Last week we were under a few tornado watches and so I turned on the local channel to get the weather updates. On the national show they aired a segment about Odette and this book. I was like - really? I need another WWII book to read like I need a hole in the head, LOL. But our library had it, so I requested it. It's hard to say you enjoy a book like this, talking about capture and torture and prison, etc but the love story was nice. Towards the end it became hard to keep all the people, their real names and code names and circuit names and the geographical locations straight.

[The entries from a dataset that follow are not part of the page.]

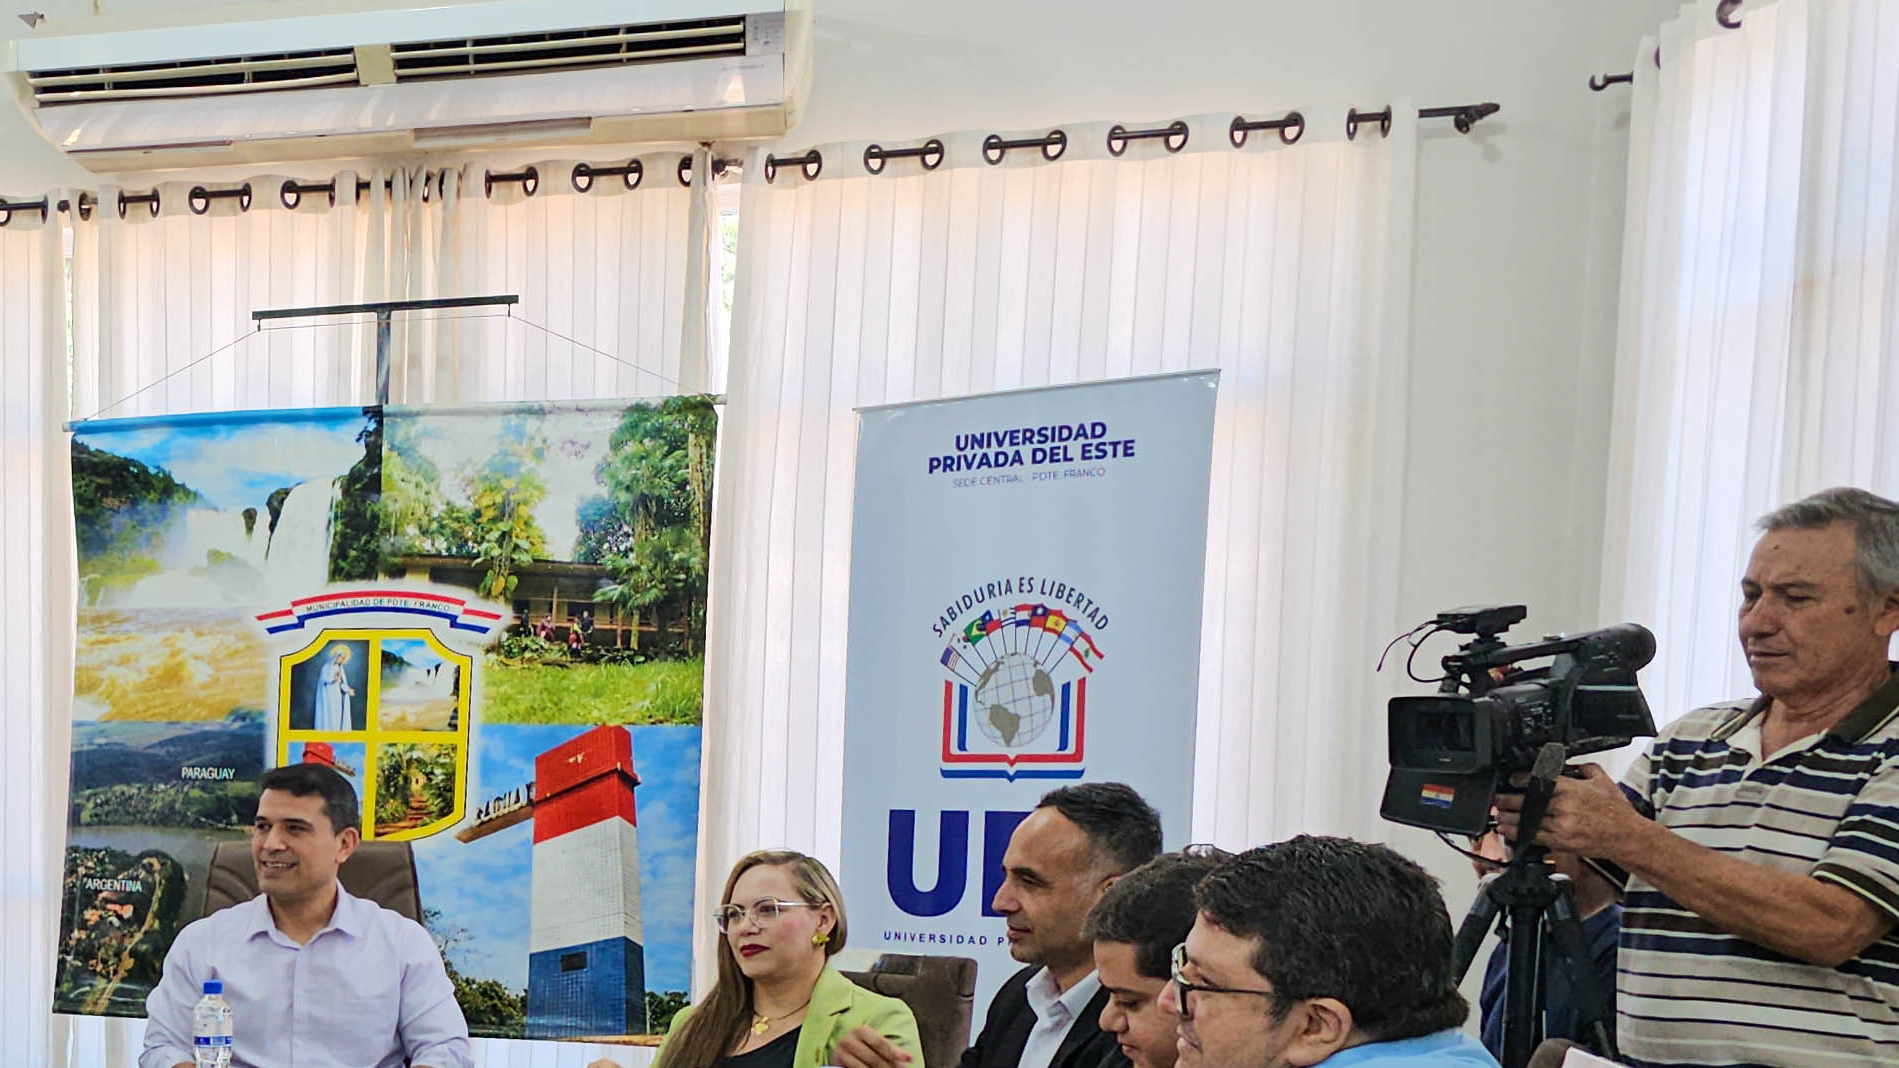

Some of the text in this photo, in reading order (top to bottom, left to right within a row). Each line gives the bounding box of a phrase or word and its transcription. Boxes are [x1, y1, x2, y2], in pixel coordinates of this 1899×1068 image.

[955, 421, 1107, 451] UNIVERSIDAD
[928, 439, 1136, 474] PRIVADA DEL ESTE
[952, 477, 977, 488] SEDE
[979, 473, 1023, 486] CENTRAL
[1063, 467, 1106, 479] FRANCO
[306, 599, 371, 612] MUNICIPALIDAD
[373, 598, 383, 606] DE
[413, 600, 450, 612] FRANCO
[932, 577, 1109, 638] SABIDURIA ES LIBERTAD
[181, 766, 236, 780] PARAGUAY
[85, 878, 143, 893] ARGENTINA
[884, 931, 987, 946] UNIVERSIDAD
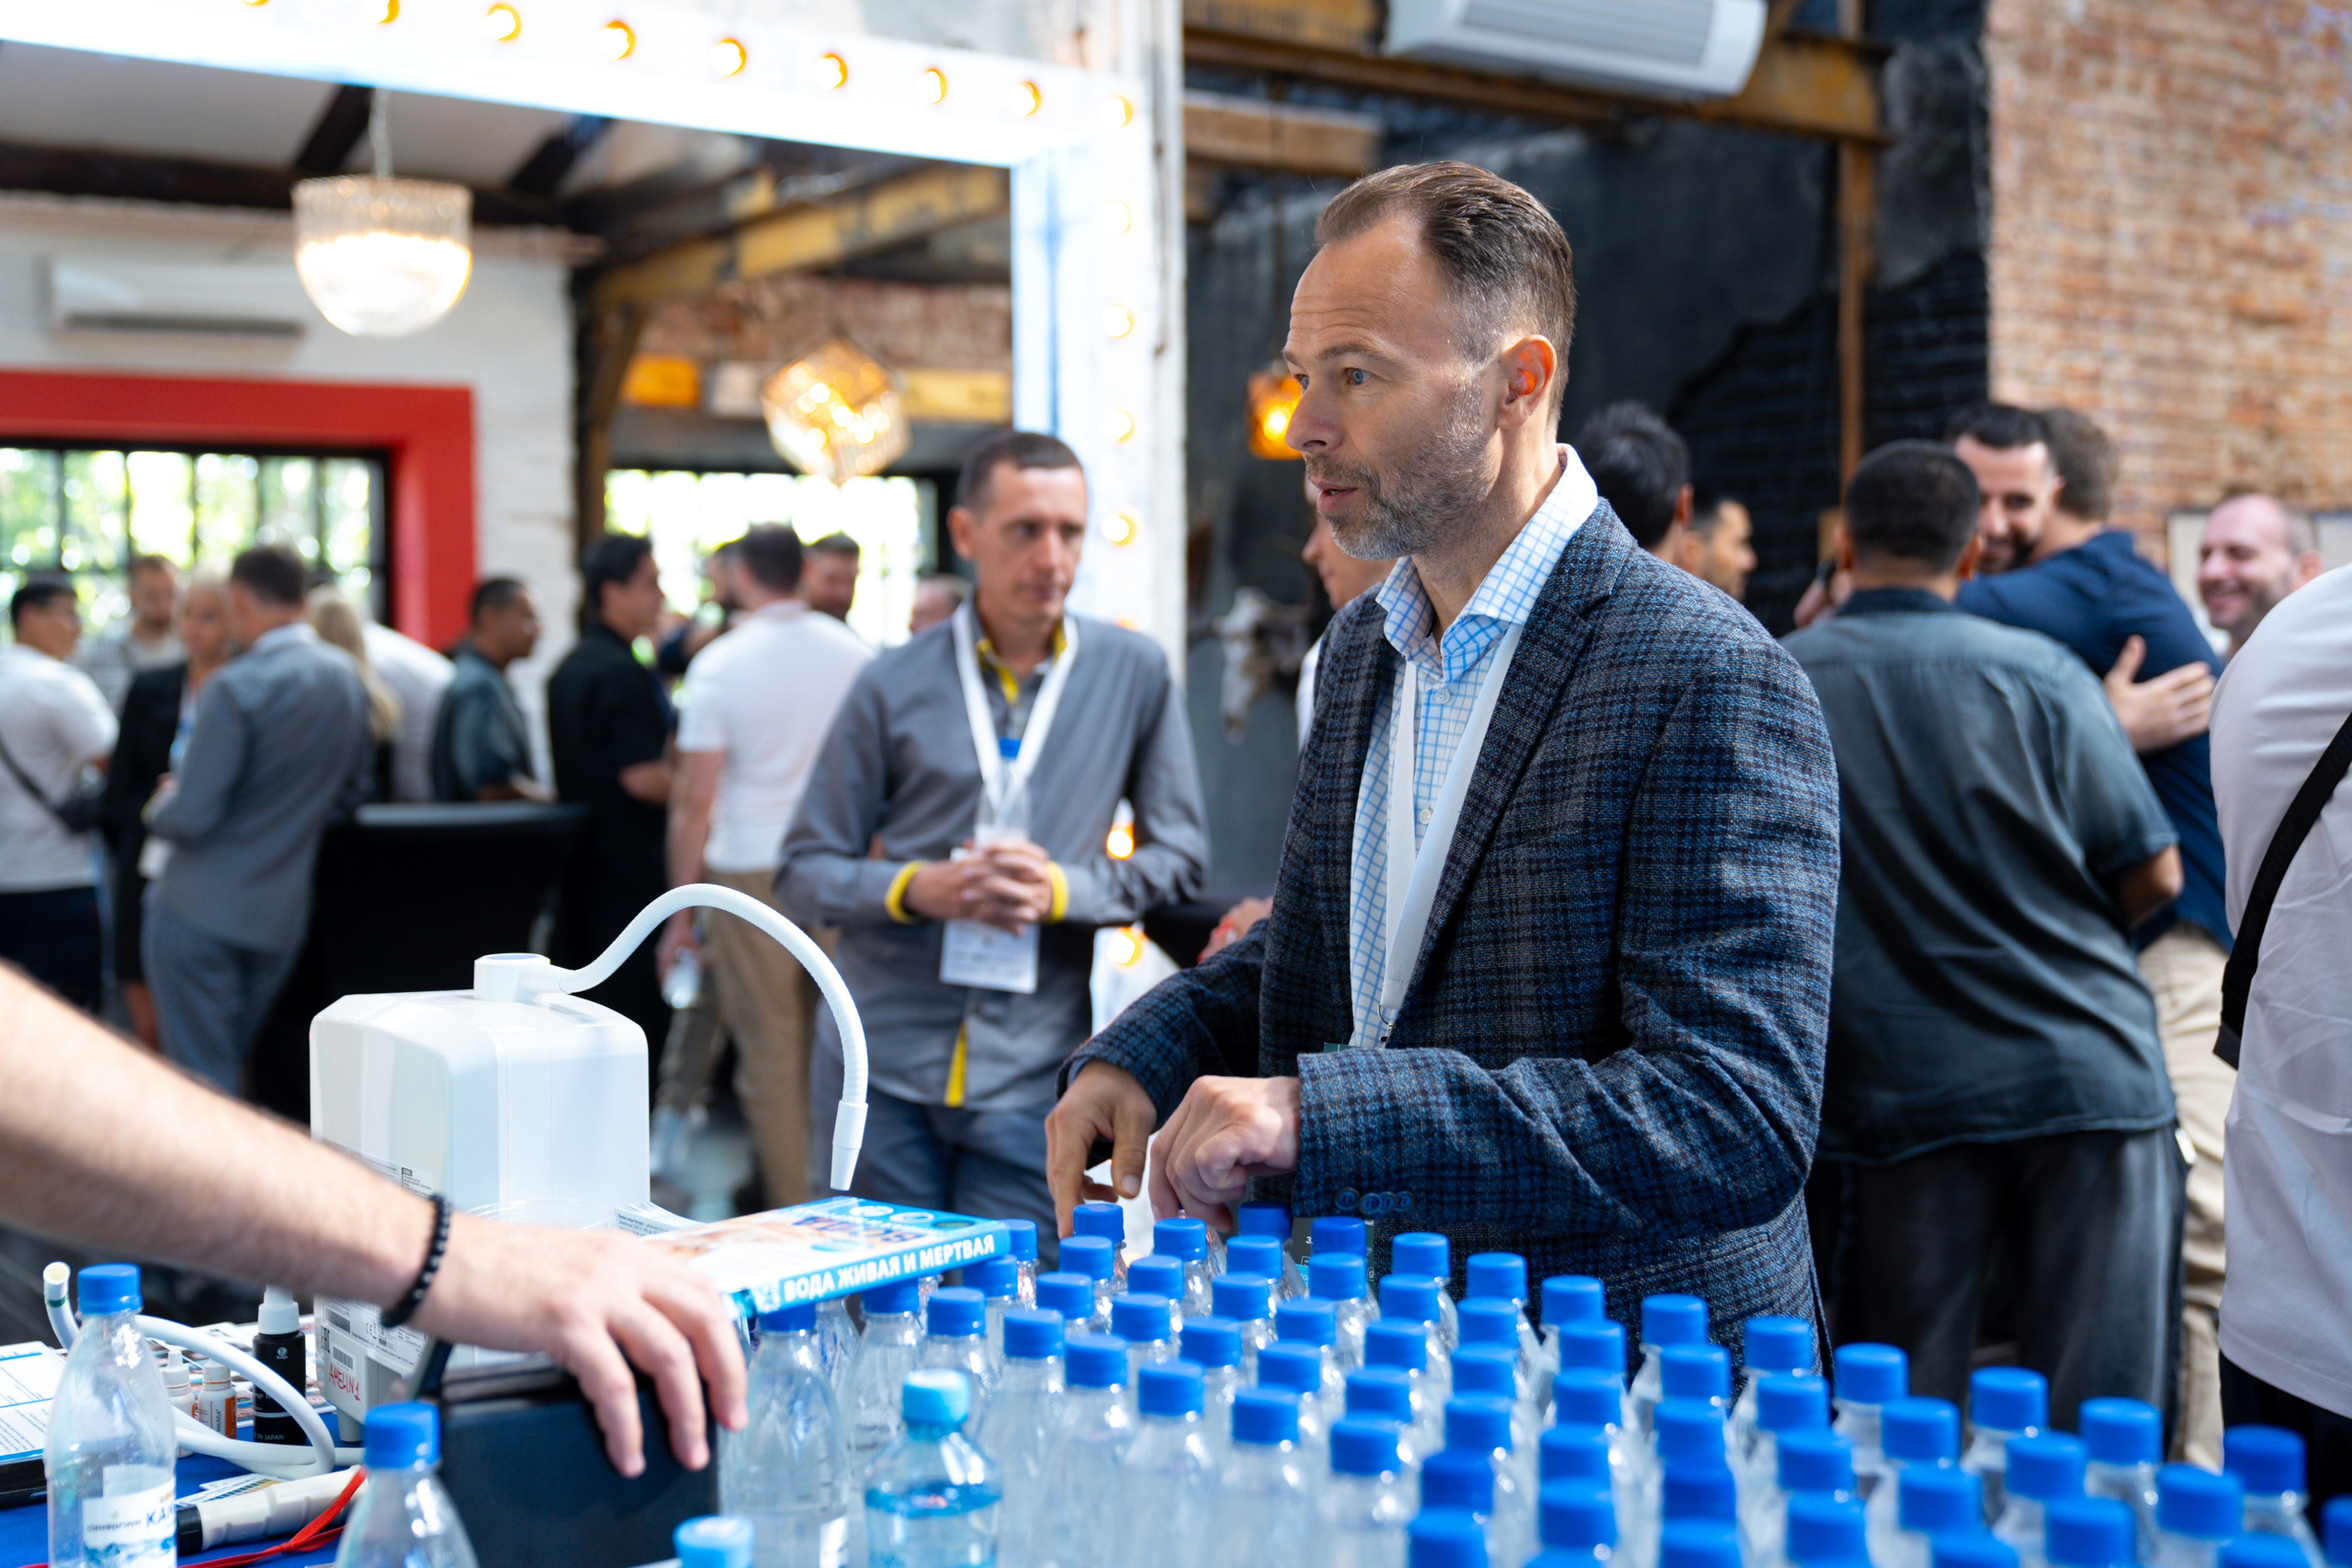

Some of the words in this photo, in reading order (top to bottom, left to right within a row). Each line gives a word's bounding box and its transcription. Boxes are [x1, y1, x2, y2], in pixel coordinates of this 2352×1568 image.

[784, 1277, 835, 1303] ВОДА
[837, 1258, 900, 1288] ЖИВАЯ
[903, 1255, 917, 1273] И
[920, 1235, 996, 1269] МЕРТВАЯ

You can see the featurette here:

Apr 29, 1:01pm Top

Any interest in reading the new Douglas Brinkley book, American Moonshot?

Apr 30, 4:37pm Top

>85 lindapanzo: I think I'll pass on this one Linda. Let's find another to read later in the year! Thanks for reaching out!

Apr 30, 6:14pm Top

16. You, Me and the Sea by Meg Donohue 4.29.2018

Amazon Description:
As a child, Merrow Shawe believes she is born of the sea: strong, joyous, and wild. Her beloved home is Horseshoe Cliff, a small farm on the coast of Northern California where she spends her days exploring fog-cloaked bluffs, swimming in the cove, and basking in the light of golden sunsets as her father entertains her with fantastical stories. It is an enchanting childhood, but it is not without hardship—the mystery of Merrow’s mother’s death haunts her, as does the increasingly senseless cruelty of her older brother, Bear.
Then, like sea glass carried from a distant land, Amir arrives in Merrow’s life. He’s been tossed about from India to New York City and now to Horseshoe Cliff, to stay with her family. Merrow is immediately drawn to his spirit, his passion, and his resilience in the face of Bear’s viciousness. Together they embrace their love of the sea, and their growing love for each other.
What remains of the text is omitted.